There came iron, and cities that crept over the hills and across rivers, empires and empires of elaborate buildings, ships with white sails, here are the Romans with their tall crosses and induestructible eagles, their heroes of glory waving to thousands of them back from the wars. Here are the Persians covered in gold and purple, the elegant and brittle Chinese emperors at the edge of dawn, tracing the lines of all change in perfect words;

Out of all this we came, here and now, the thousand generations stretching back into the darkness of the long gone past. They all feared and wondered, though maybe very differently, I don't know, we weren't there. But from what is left, their drawings, their ruins, their stories, and from us, their children, I suspect that they too struggled with demons and angels, gods or no-gods, with sanity, with the mystery that is being born and one day dying, with the pushy unasked-for demands of the heart, the body or the world.

But true, true; for us we must know only by broken pieces and guesses, really for us is only a short road we look back on and see it fade into pitch darkness. So too is it with our little future before us, a rising sun that blinds when you look at it directly.

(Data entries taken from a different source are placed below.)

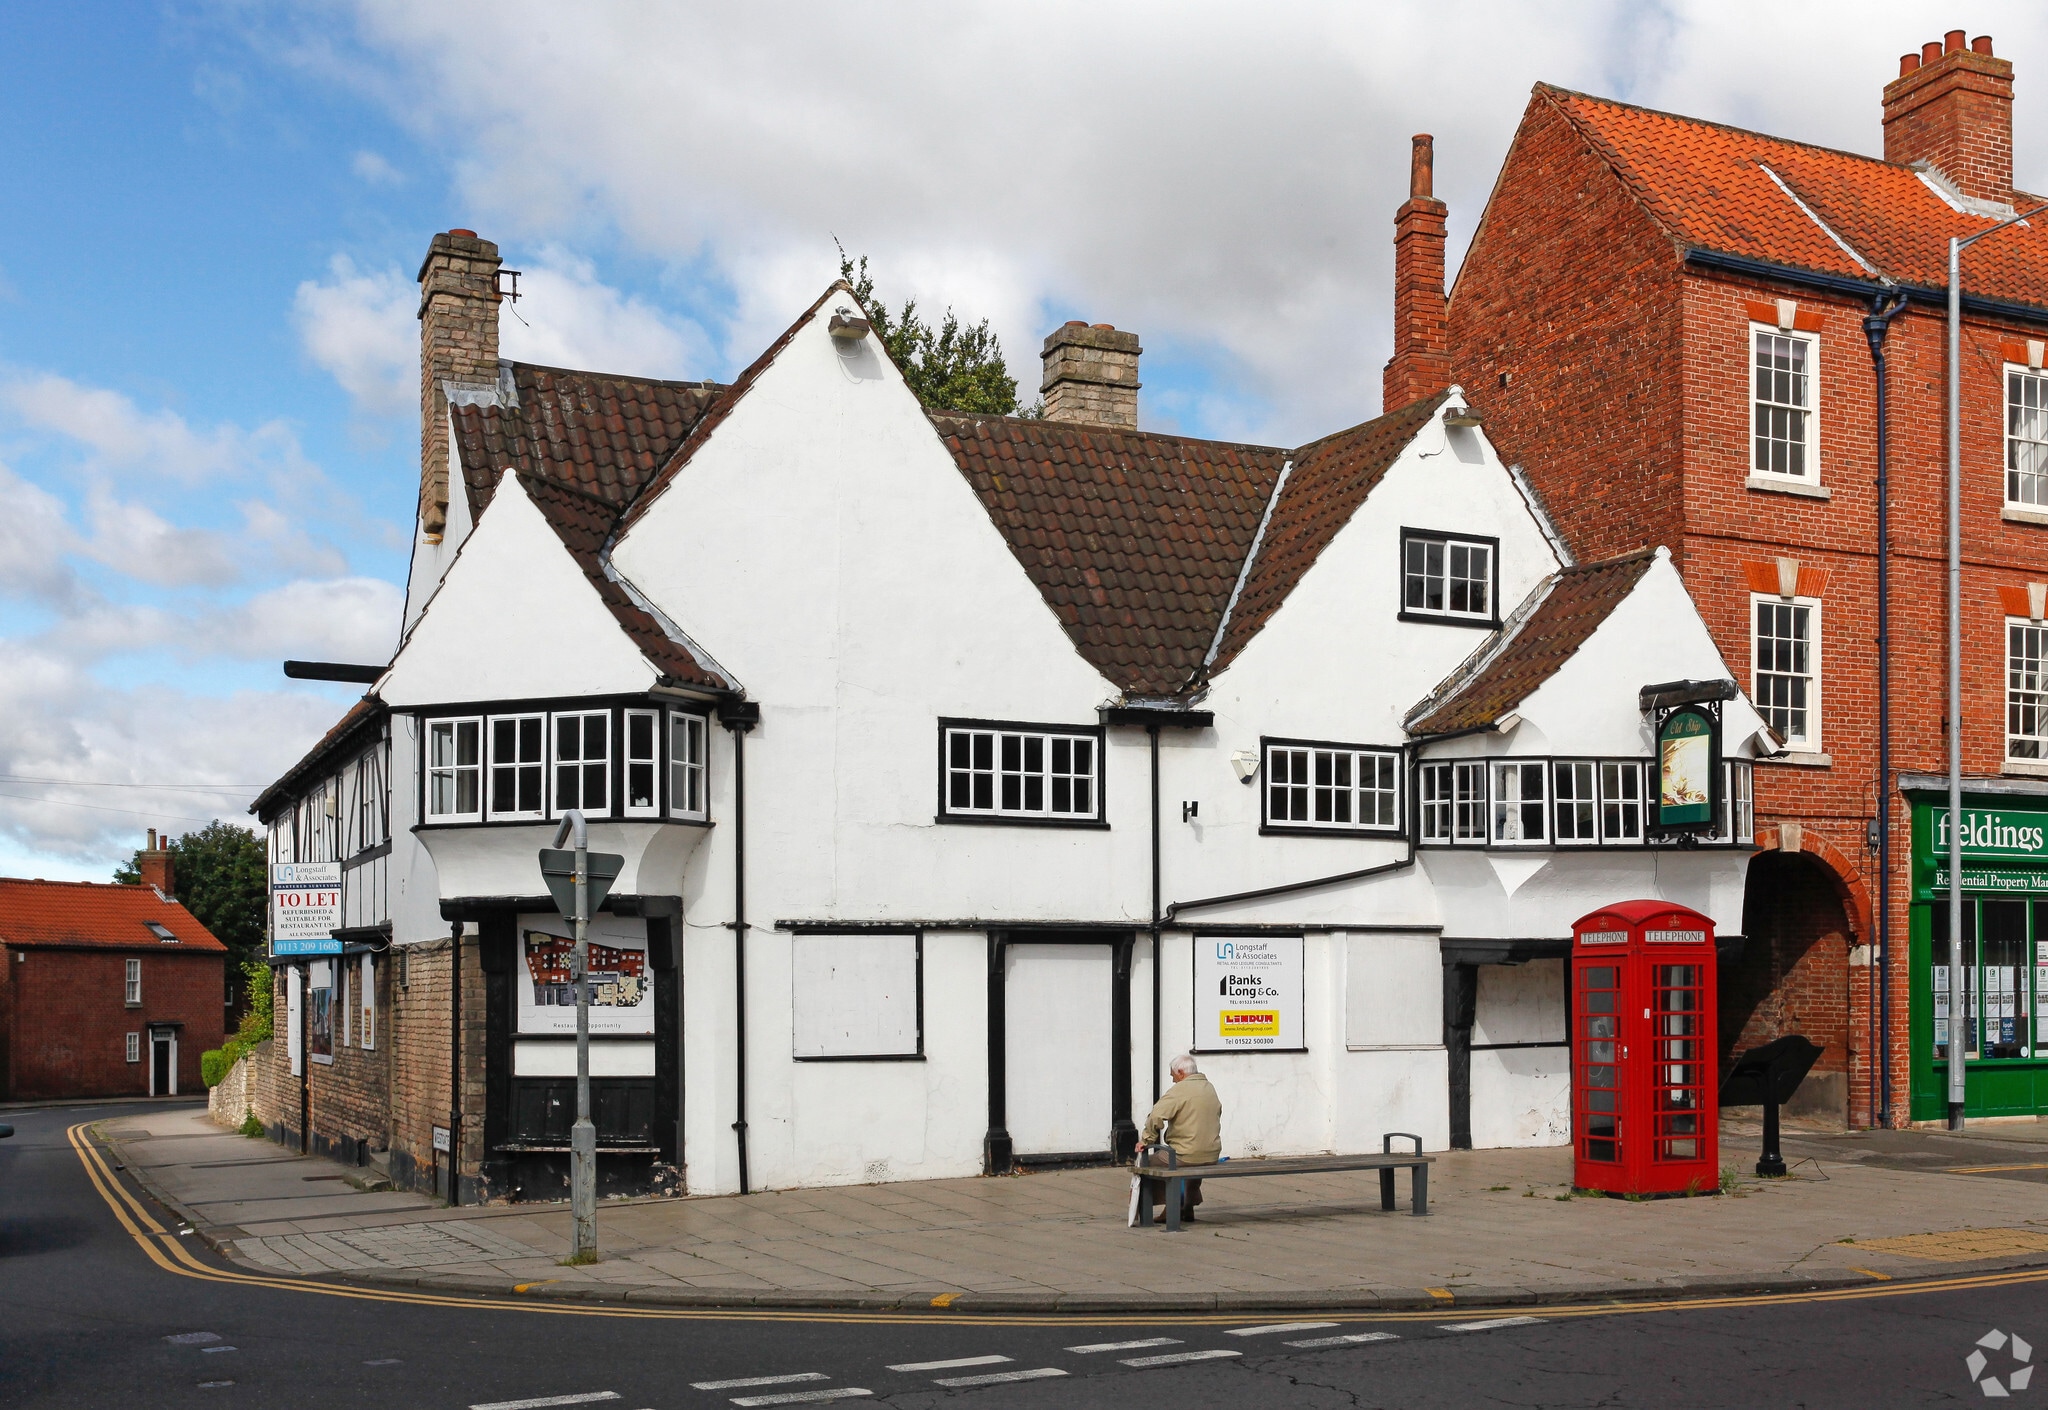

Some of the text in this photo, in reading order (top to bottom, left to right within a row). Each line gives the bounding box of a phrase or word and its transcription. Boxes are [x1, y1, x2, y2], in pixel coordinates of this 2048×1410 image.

[1686, 718, 1702, 735] Ship
[1938, 812, 2043, 852] feldings
[295, 866, 327, 874] Longstaff
[1990, 874, 2029, 890] Property
[276, 893, 339, 907] TO LET
[1582, 931, 1626, 943] TELEPHONE
[1647, 931, 1703, 941] TELEPHONE
[277, 941, 339, 952] 0113 209 1605
[1235, 943, 1268, 952] Longstaff
[1235, 951, 1278, 960] & Associates
[1229, 974, 1262, 986] Banks
[1229, 986, 1279, 998] Long & Co.
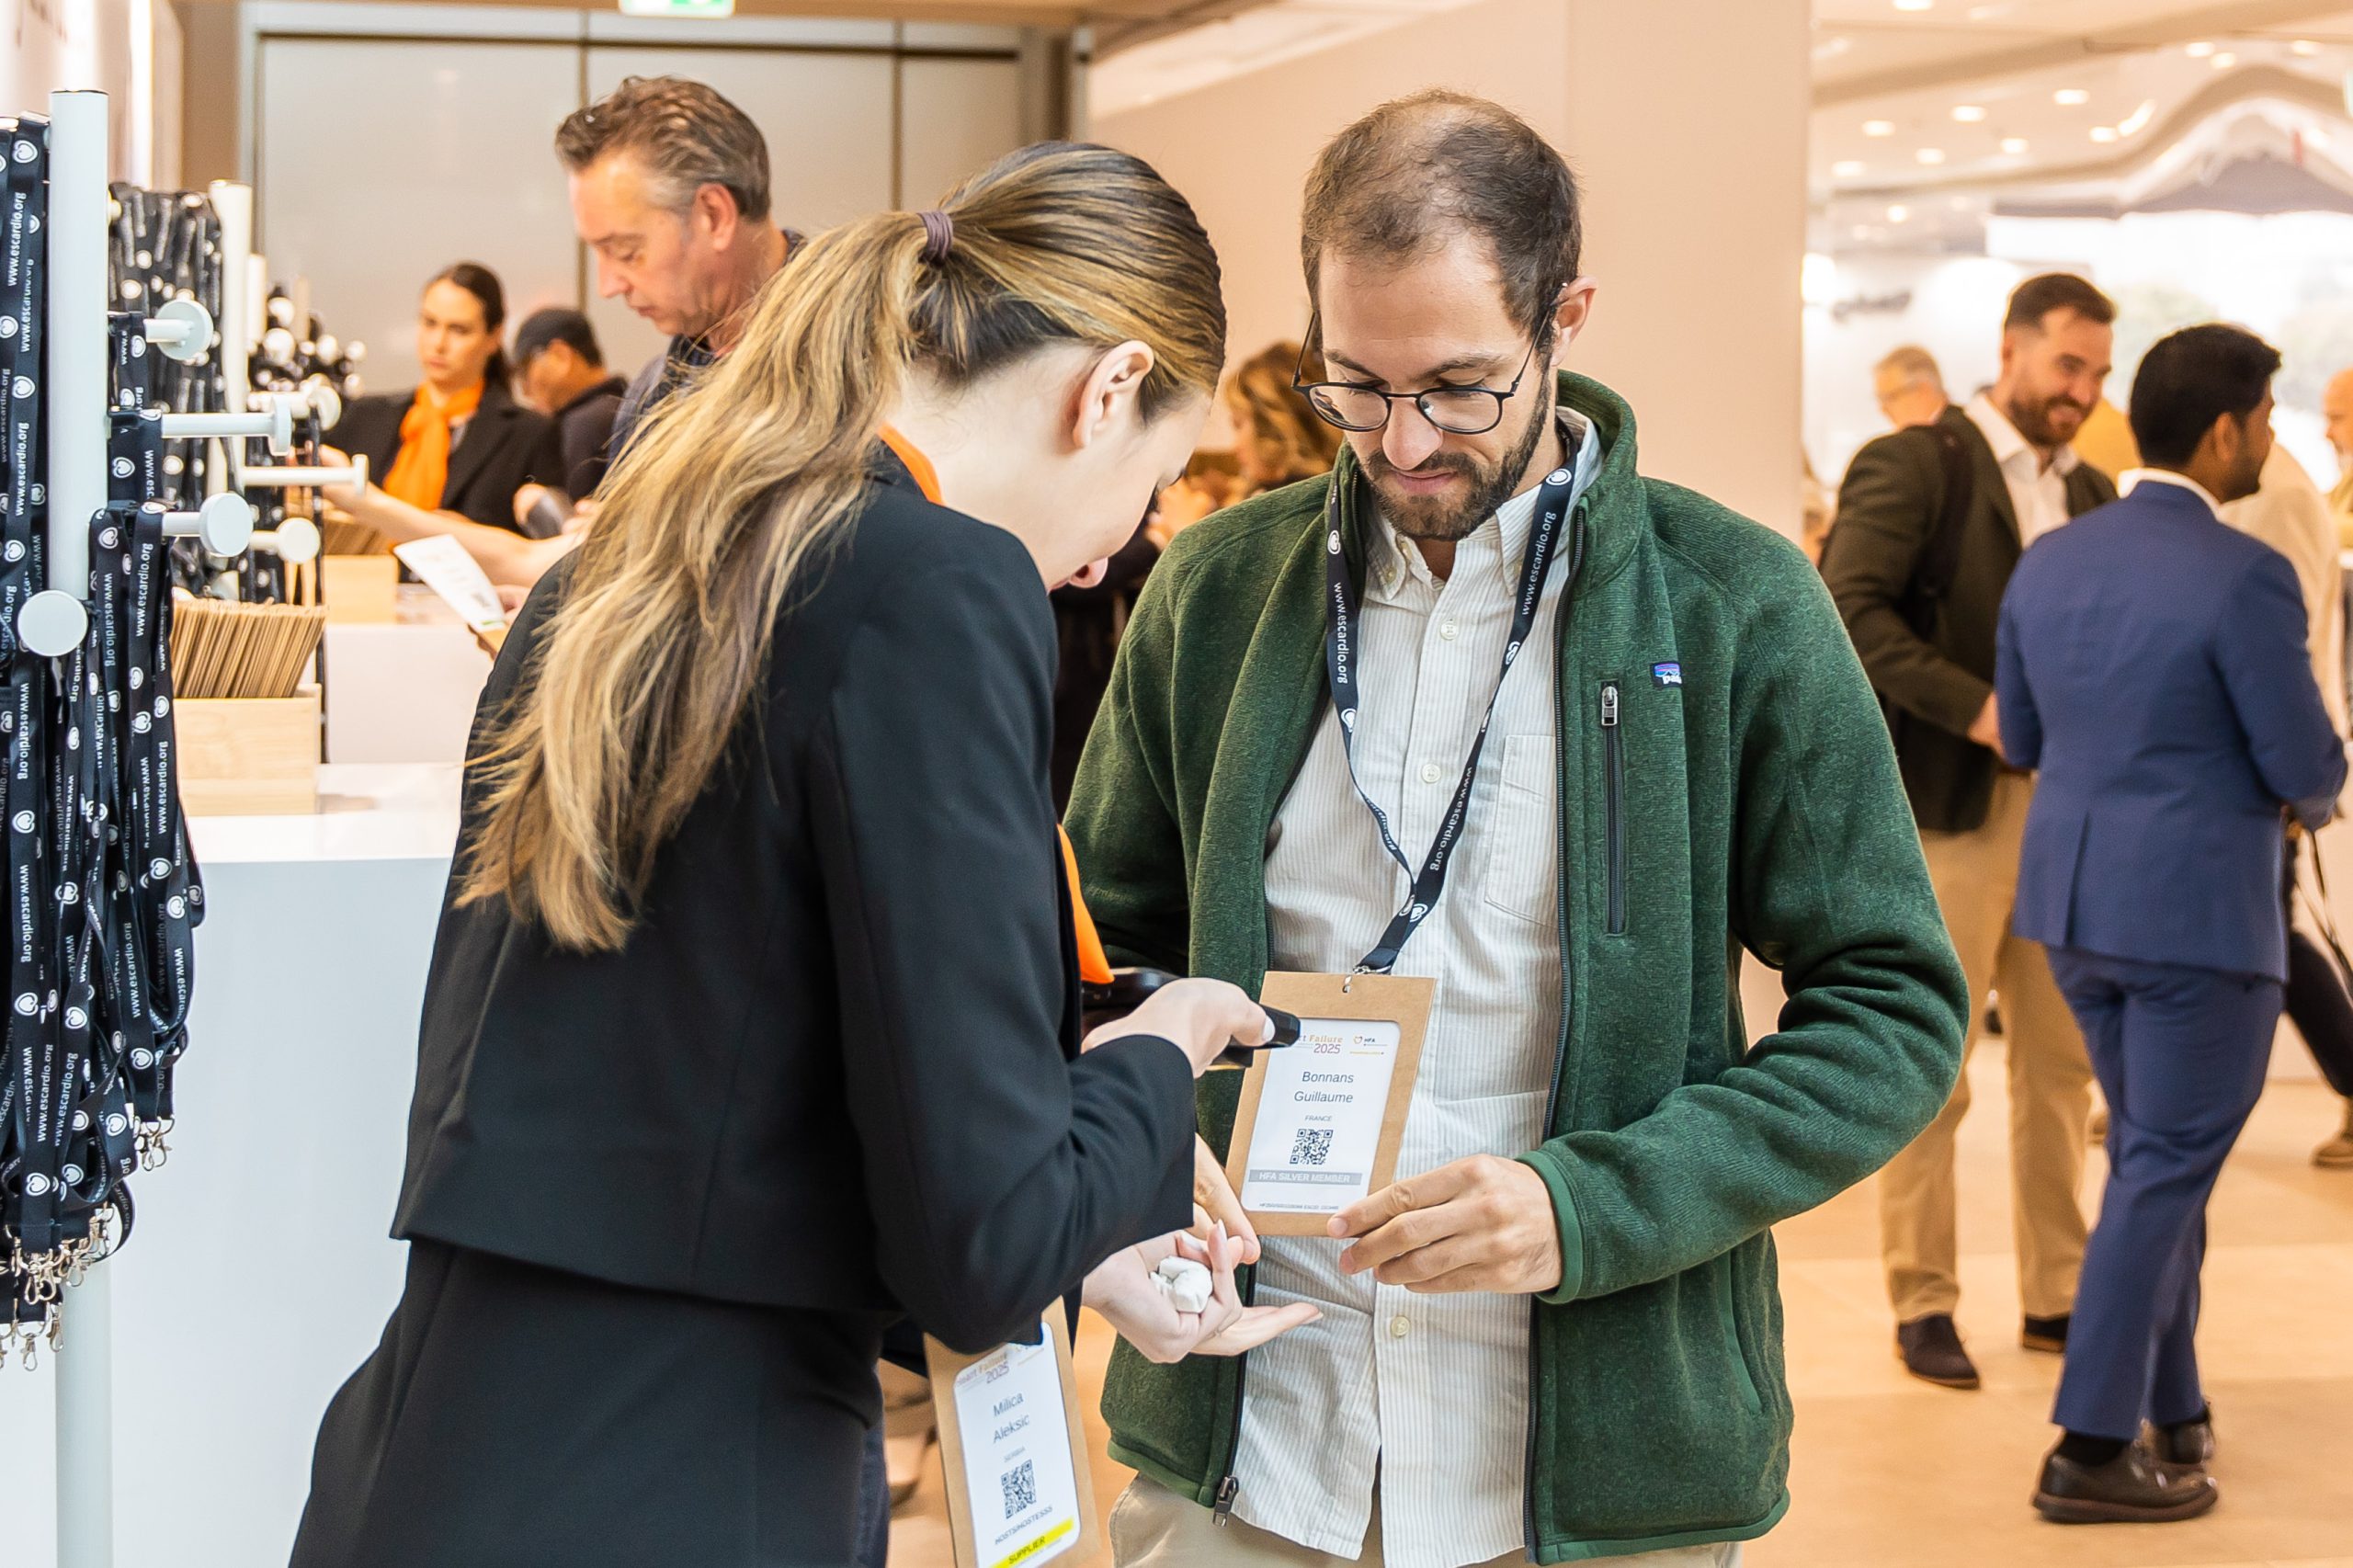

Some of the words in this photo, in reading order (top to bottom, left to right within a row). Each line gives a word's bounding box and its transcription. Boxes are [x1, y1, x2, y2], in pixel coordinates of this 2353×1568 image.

[7, 191, 27, 287] www.escardio.org
[16, 422, 30, 517] www.escardio.org
[135, 542, 153, 637] www.escardio.org
[1522, 511, 1558, 616] www.escardio.org
[103, 573, 116, 667] www.escardio.org
[1333, 582, 1348, 685] www.escardio.org
[17, 683, 31, 780] www.escardio.org
[156, 741, 169, 835] www.escardio.org
[1428, 767, 1473, 872] www.escardio.org
[19, 864, 32, 963] www.escardio.org
[123, 922, 142, 1018] www.escardio.org
[1302, 1071, 1355, 1085] Bonnans
[1309, 1034, 1344, 1044] Failure
[1313, 1043, 1342, 1054] 2025
[38, 1044, 54, 1142] www.escardio.org
[54, 1052, 79, 1147] www.escardio.org
[1293, 1090, 1354, 1104] Guillaume
[1304, 1114, 1333, 1122] FRANCE
[1259, 1172, 1277, 1181] HFA
[1279, 1173, 1310, 1182] SILVER
[1311, 1174, 1351, 1184] MEMBER
[985, 1361, 1010, 1384] 2025
[994, 1392, 1024, 1417] Milica
[994, 1415, 1030, 1444] Aleksic
[1008, 1535, 1046, 1564] SUPPLIER

This is the prologue of our future, and in the telling I wanted you to know that this life, its presumable succession of lives, is a dance, one not necessarily leading to a perfect climax, a dance where we, none of us, can say for sure if or when it will end or begin and how. But a dance of constant changes, and beautiful variations, and scary ones, but always leaving one with the sense of a great thing moving that we may, after all, be too small to ever really understand, like the ants being arranged, when one plays with them as a child, but no less miraculous for just being ants.